Argentina también presenta algunos antecedentes, no muy buenos, de clubes que dejan de funcionar como asociaciones civiles sin fines de lucro para hacerlo como empresas que generen ganancias. Mauricio Macri en los 90 quiso comprar Deportivo Español pero desde la AFA no se lo permitieron. Fernando Miele, ex presidente de San Lorenzo, en el 2000 quiso cederle los derechos de la institución por 20 años a la empresa suiza ISL pero los hinchas se manifestaron en contra y a partir de ese momento todos los 30 de noviembre se celebra el Día del Hincha de San Lorenzo.

En el comienzo del nuevo milenio apareció Blanquiceleste SA, con Fernando Marín a la cabeza, para levantar la quiebra de Racing Club. Entre 2007 y 2008 los socios y las distintas agrupaciones realizaron multitudinarias marchas en contra de la gerenciadora por falta de pago de sueldos, deudas y pedidos de quiebra. Ferro, luego de su quiebra, fue administrado por Gustavo Mascardi y Torneos y Competencias en los  90 decidió mudar a Argentinos Juniors de La Paternal a Mendoza.  Pero hay un caso en el fútbol argentino que dio resultados positivos. En 2011 Belgrano volvió a manos de sus socios luego de un gerenciamiento de 10 años y 9 meses. Córdoba Celeste, con Armando Pérez en la presidencia, ordenó al Pirata y a mediados de 2011 fue elegido por los socios para ser el presidente del club.

¿Diferencias? Terminar el año con un balance en cero es un éxito para una asociación civil, mientras que para una Sociedad Anónima es un fracaso. Y lo que buscan las empresas es generar ganancias, por lo que únicamente dejarían en pie las actividades del club que sean redituables.

Un modelo de manejo de clubes más exitoso, o que por lo menos dio mejores resultados, es el de las franquicias deportivas. En este caso los equipos son marcas dedicadas al deporte que se pueden vender, cambiar de nombre o de ubicación según lo que decida el dueño de la misma. En Estados Unidos se puede apreciar el modelo de las franquicias deportivas en su máxima expresión. Allí siempre se concibió a las ligas deportivas como modelos empresariales. Según un estudio realizado por la revista Forbes, 40 de las 50 franquicias deportivas más exitosas son estadounidenses.

¿Cómo funcionan? Un grupo de inversores o una ciudad se hacen con una marca de, por ejemplo, la NBA. Para que una ciudad compre una franquicia debe cumplir con ciertos requisitos (infraestructura en transporte, alojamiento y población entre otros) y cada compra/venta de un equipo debe ser aprobada por la liga.
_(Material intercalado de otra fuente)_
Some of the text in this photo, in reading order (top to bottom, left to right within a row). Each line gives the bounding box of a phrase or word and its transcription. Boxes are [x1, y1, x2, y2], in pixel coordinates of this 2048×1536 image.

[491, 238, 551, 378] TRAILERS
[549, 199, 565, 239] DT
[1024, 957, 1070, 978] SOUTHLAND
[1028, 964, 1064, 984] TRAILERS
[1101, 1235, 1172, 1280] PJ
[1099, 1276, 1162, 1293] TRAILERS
Para que se mantenga el nivel de competencia lo más parejo posible hay ciertas reglas. Los equipos que consiguieron menos victorias a lo largo de la temporada van a ser los primeros en elegir un jugador. No existen los traspasos por dinero sino que son por jugadores o por lugares en el Draft, proceso por el cual se eligen a los juveniles o de otras ligas. Y, además, la NBA establece un tope salarial.

Los dueños de los equipos son los que deciden en qué ciudad instalarse y dónde hacer de local, siempre que este tipo de decisiones sean avaladas por la liga. Por ejemplo los Nets se mudaron de Nueva Jersey a Brooklyn. Así como pueden cambiar de ciudad, también pueden modificar su nombre. Esto no es tan habitual porque las marcas pesan demasiado y ya están impuestas como para tratar de imponer una nueva.
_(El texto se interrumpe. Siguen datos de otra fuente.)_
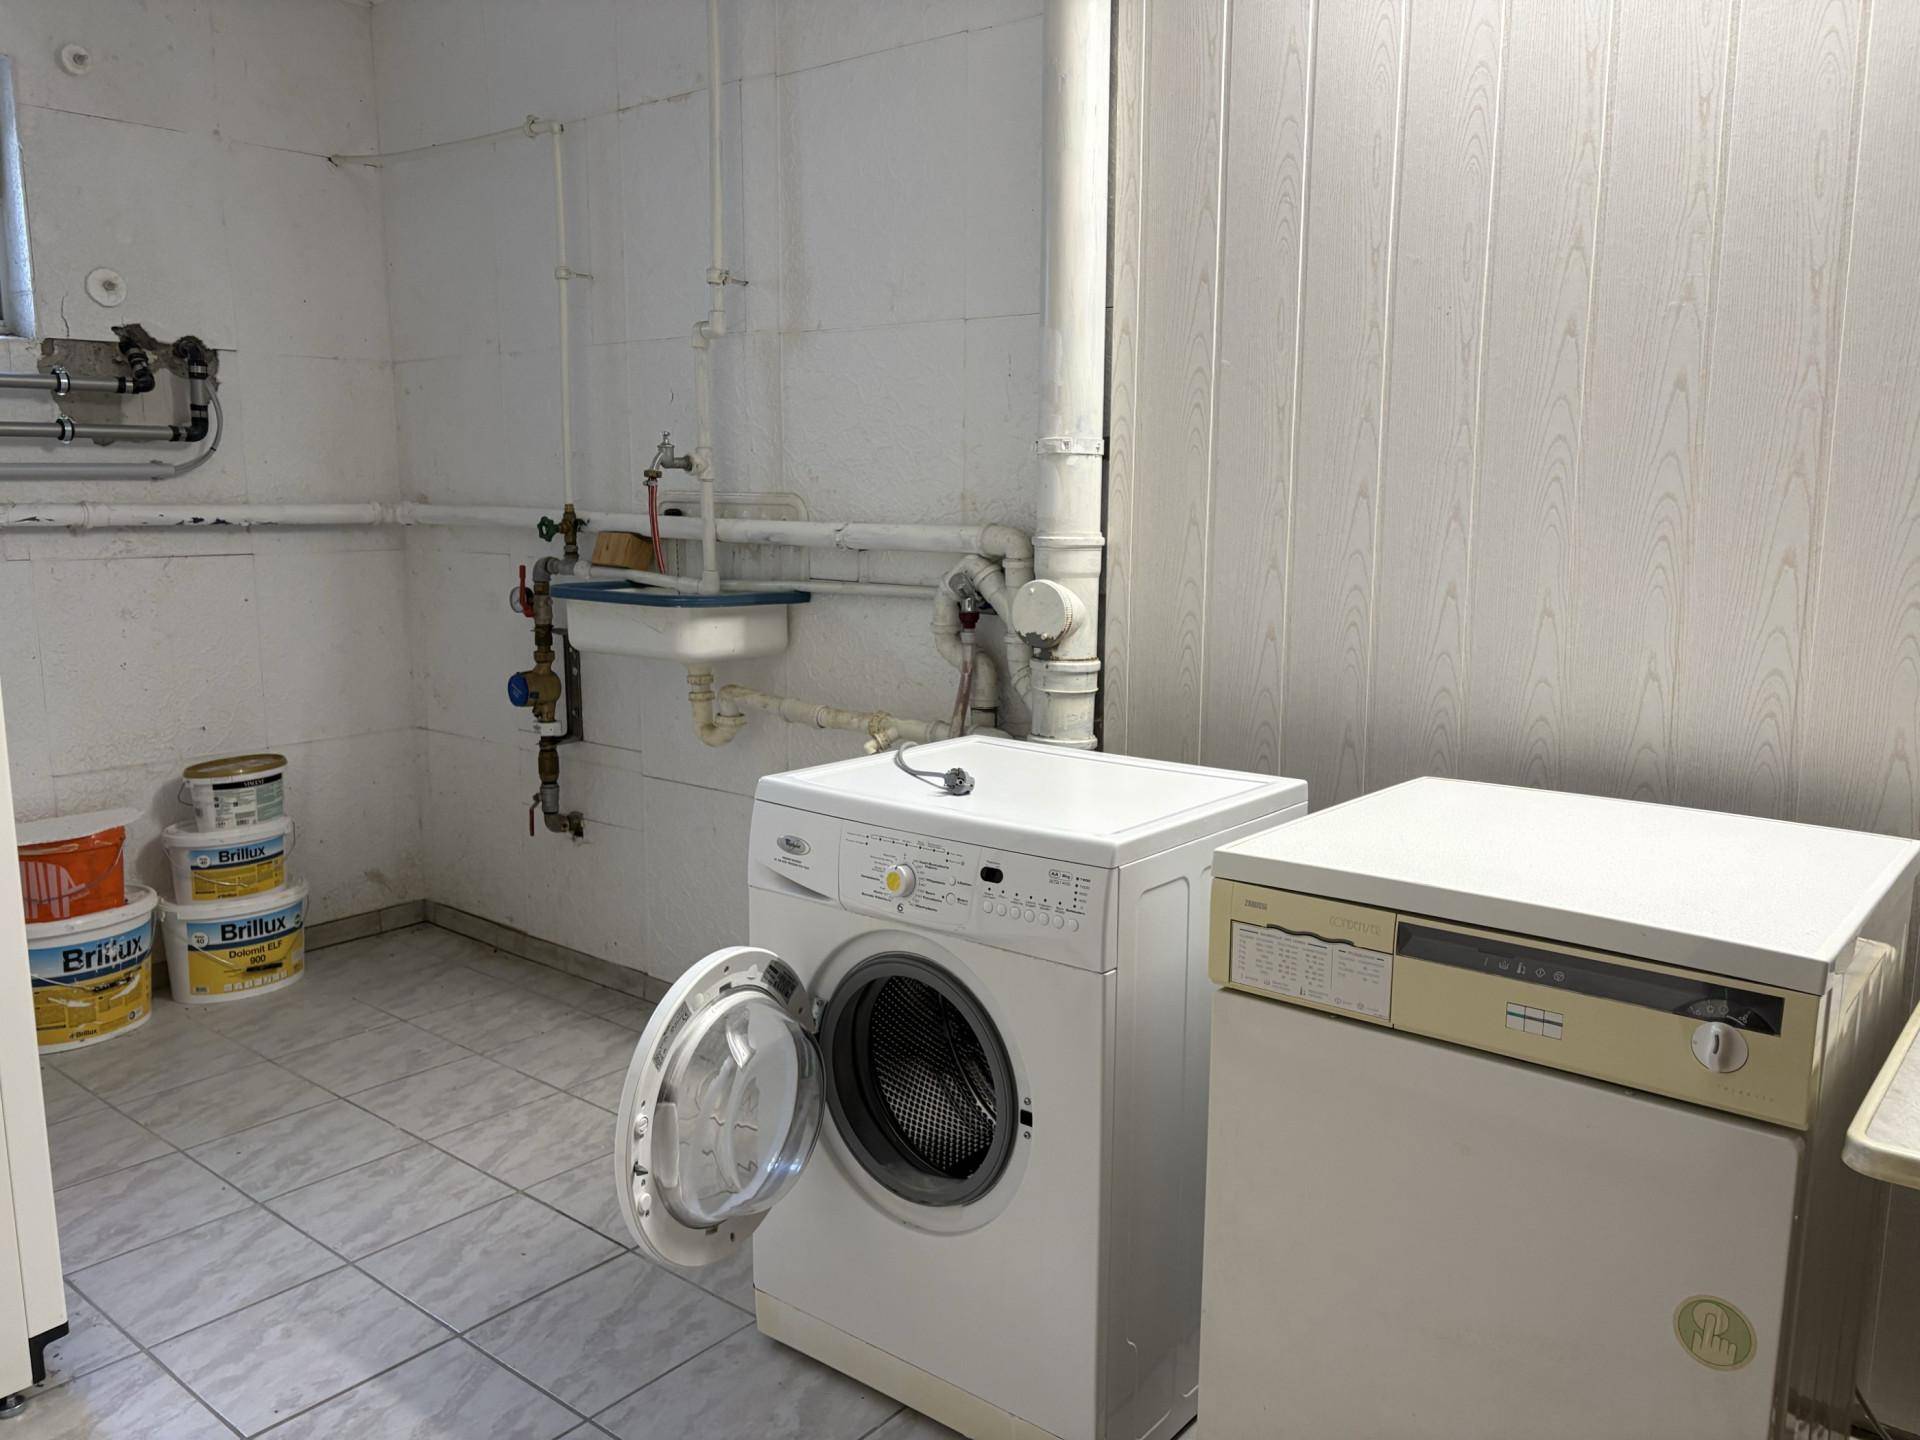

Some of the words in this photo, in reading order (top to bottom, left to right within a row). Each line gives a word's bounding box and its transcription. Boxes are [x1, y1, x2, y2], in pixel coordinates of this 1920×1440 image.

[218, 846, 266, 863] Brillux
[897, 902, 904, 912] 6
[220, 915, 286, 942] Brillux
[229, 945, 265, 959] Dolomit
[267, 940, 283, 952] ELF
[250, 954, 266, 965] 900
¿Cómo hacer que una franquicia sea valiosa y rentable? Ser exitoso a nivel deportivo es uno de los factores principales. Estar asentado en un sistema económico sólido ayuda a una mejor planificación financiera. Y la correcta explotación de los ingresos en los estadios, el marketing, los sponsors y los contratos de televisión entre otras medidas. En el último tiempo, la NBA aprobó el ingreso de la publicidad en las remeras para hacer al deporte más rentable.

Ambos sistemas pueden ser económicamente viables siempre y cuando se los explote de la mejor manera. El ABC de cualquier buena gestión no depende de la naturaleza jurídica de las instituciones sino de la transparencia en los actos, la eficiencia y la profesionalidad de los dirigentes a la hora de tomar decisiones. ¿Serán una solución para los malos manejos de los clubes, o más de lo mismo?